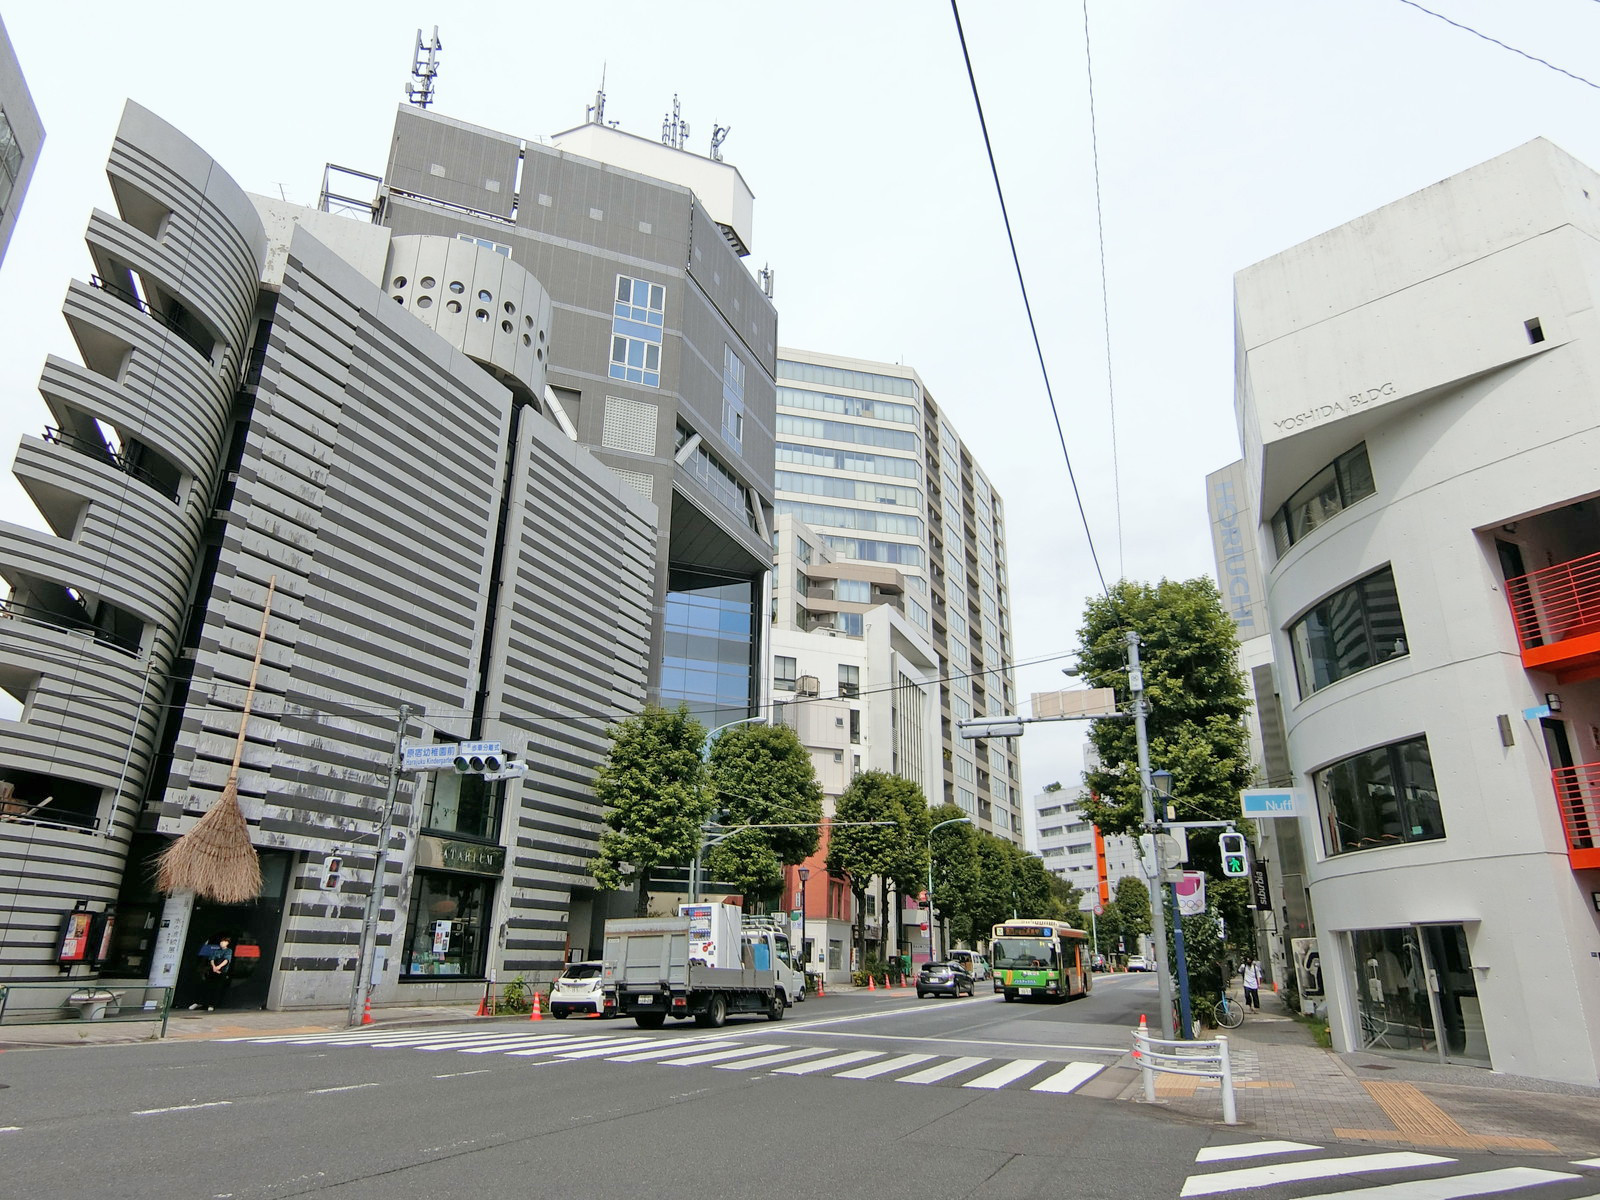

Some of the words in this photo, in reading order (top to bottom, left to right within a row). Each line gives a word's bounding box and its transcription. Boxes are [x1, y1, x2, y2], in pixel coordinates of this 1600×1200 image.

[1273, 401, 1345, 433] YOSHIDA
[1214, 480, 1255, 627] HORIUCHI
[406, 747, 455, 757] 原宿幼稚園前
[1265, 799, 1293, 811] Nuff
[1254, 871, 1267, 905] suburbia
________________________________________
# TASK TO CARRY OUT
Omit the pictures, then give all the lines above again exactly.

# RESULT OF THIS EXERCISE
Some of the words in this photo, in reading order (top to bottom, left to right within a row). Each line gives a word's bounding box and its transcription. Boxes are [x1, y1, x2, y2], in pixel coordinates of this 1600×1200 image.

[1273, 401, 1345, 433] YOSHIDA
[1214, 480, 1255, 627] HORIUCHI
[406, 747, 455, 757] 原宿幼稚園前
[1265, 799, 1293, 811] Nuff
[1254, 871, 1267, 905] suburbia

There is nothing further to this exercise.